The letter directly contradicts the contemporaneous account of another adult film actor, Alana Evans, who said she talked to Trump on the phone when he was with Daniels and he invited her to come over and “party.” Evans says Daniels later told her she had sex with Trump.


It also contradicts an interview Daniels gave to In Touch in 2011, according to a new report from the magazine. “[Sex with Trump] was textbook generic. I actually don’t even know why I did it, but I do remember while we were having sex, I was like, ‘Please, don’t try to pay me,” Daniels said, according to In Touch.

Image

This scandal had not garnered the intense media coverage one might expect of a story about a porn actor’s affair with a president: At yesterday’s White House press briefing, Press Secretary Sarah Sanders did not receive a single question about the alleged affair with Daniels or the payment.

But the Stormy Daniels–Trump story matters — beyond allegations of an affair. Here’s why.

The story indicates Trump is willing to lie about his sexual encounters with women.

Trump’s lawyer is distributing a statement denying any sexual relationship between Daniels and Trump. But there is a mountain of evidence that suggests this statement is a lie, including historical interviews by Daniels herself, the existence of the $130,000 payment, and the contemporaneous accounts by friends of Daniels. The president’s willingness to lie about his interactions with women is important: There are more than a dozen women who have accused Trump of sexual assault. Trump has denied those claims, but the Daniels story suggests he’s willing to lie.

The story has parallels to other women’s claims of sexual assault by Trump.

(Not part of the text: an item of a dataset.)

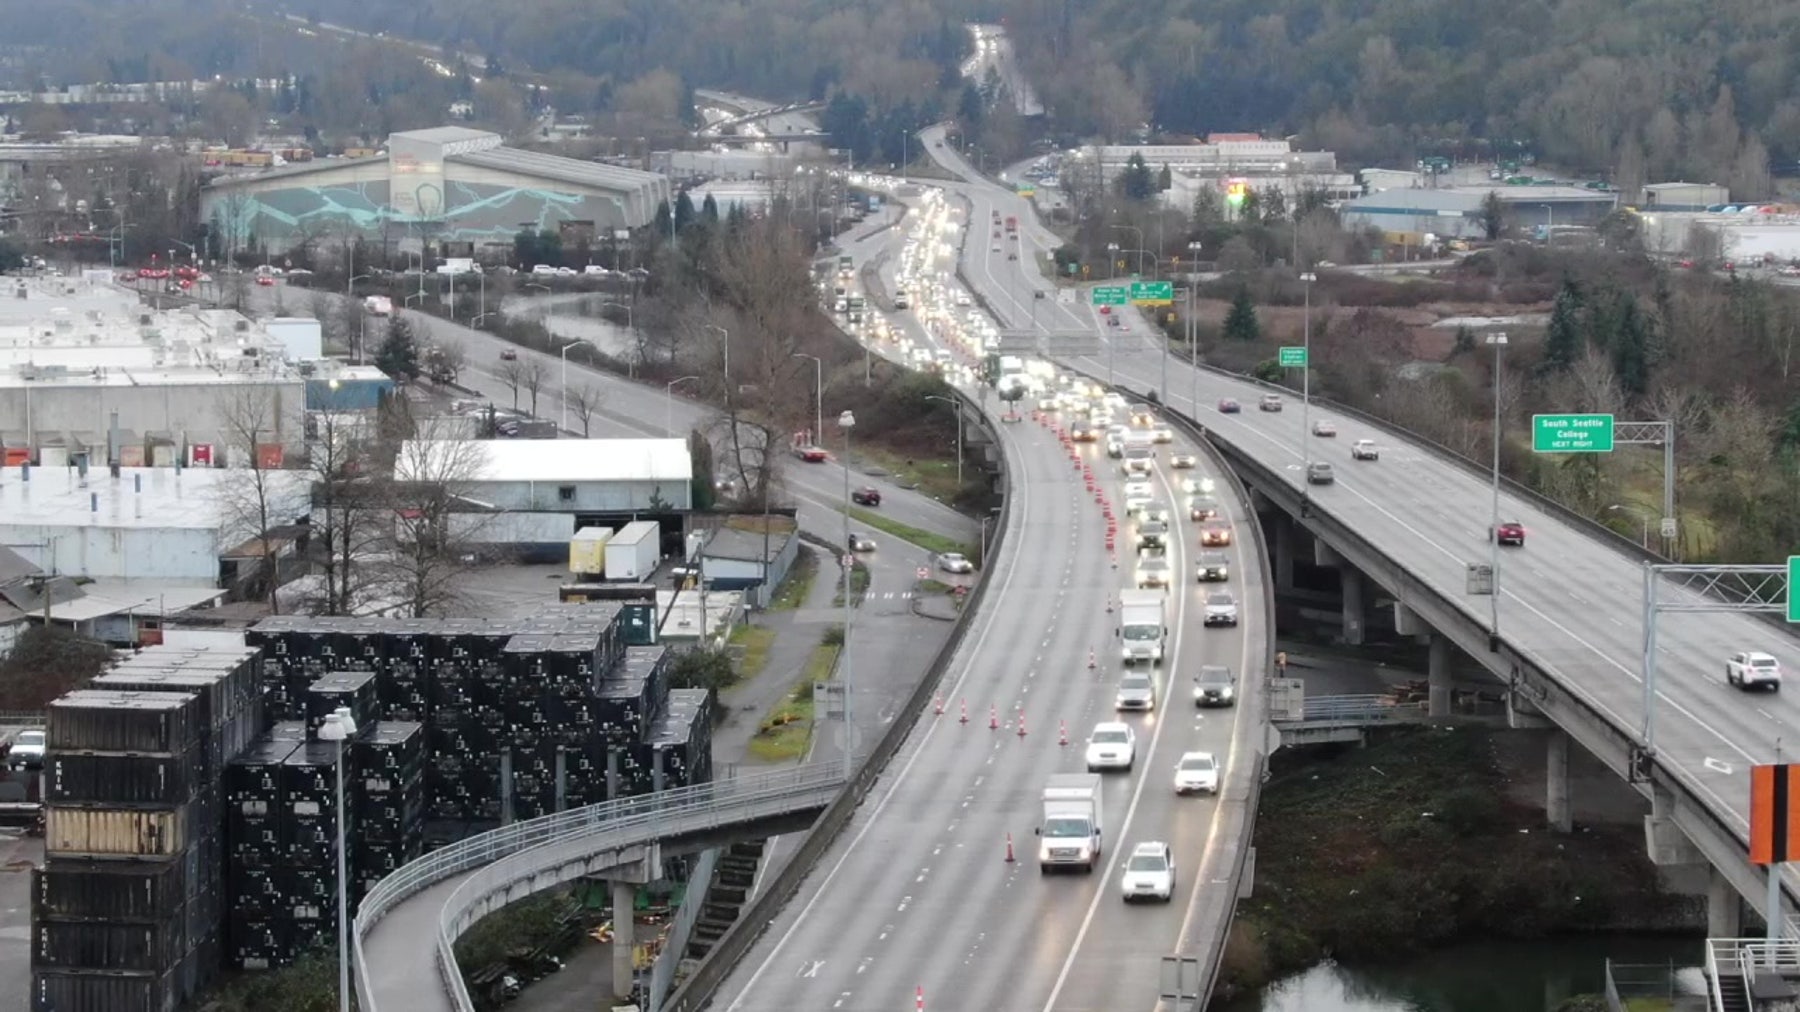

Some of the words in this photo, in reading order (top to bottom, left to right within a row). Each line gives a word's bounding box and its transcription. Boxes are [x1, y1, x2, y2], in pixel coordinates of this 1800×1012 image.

[1542, 419, 1568, 428] South
[1572, 419, 1604, 427] Seattle
[1557, 430, 1589, 440] College

In October 2016, another adult film actor, Jessica Drake, accused Trump of sexual assault. The women’s stories diverge dramatically: Daniels’ sexual contact with Trump was reportedly consensual, but the material circumstances of their stories indicate some parallels. Drake, who says Trump assaulted her, said that she met Trump at a “2006 at a golf tournament in Lake Tahoe.” This is the same golf tournament where Daniels met Trump. (This fact is not in dispute — there are photos of Trump and Daniels at the event.) Drake said that “Trump invited her to his hotel room, but she didn’t feel entirely comfortable going alone, so she brought two other women with her.” According to press accounts, Trump also invited Daniels to his hotel room. Drake says that when she arrived at the hotel room Trump “grabbed each of us tightly, in a hug and kissed each one of us without asking permission.” While Daniels’ account is dramatically different from Drake’s, it does indicate that Trump was pursuing sexual encounters with women at his hotel room at Lake Tahoe in 2006, when and where Drake says Trumped assaulted.

The story suggests Trump is vulnerable to blackmail and extortion.

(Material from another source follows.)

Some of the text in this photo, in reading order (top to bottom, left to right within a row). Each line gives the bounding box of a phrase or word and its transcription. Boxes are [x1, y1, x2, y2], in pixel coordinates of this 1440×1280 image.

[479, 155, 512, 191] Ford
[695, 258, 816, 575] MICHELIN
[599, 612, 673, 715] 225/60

According to reports, Daniels was able to extract a $130,000 payment to keep quiet about her affair with Trump. How many other women have stories about Trump that he does not want told? This is potentially a very dangerous predicament for a sitting president. In the unverified Steele dossier, there is an allegation that Russian officials have information about Trump’s interactions with sex workers in Moscow that Russian agents are using as leverage. There is not evidence that this is true (although Trump’s bodyguard confirmed he was offered the sexual attention of prostitutes) but Daniels’ story suggests similar circumstances may be possible. Trump, reportedly, has things to hide and is willing to go to substantial lengths to hide them.
https://thinkprogress.org/why-the-storm ... ce=twitter
Last edited by seemslikeadream on Wed Jan 17, 2018 8:07 pm, edited 1 time in total.
Mazars and Deutsche Bank could have ended this nightmare before it started.
They could still get him out of office.
But instead, they want mass death.
Don’t forget that.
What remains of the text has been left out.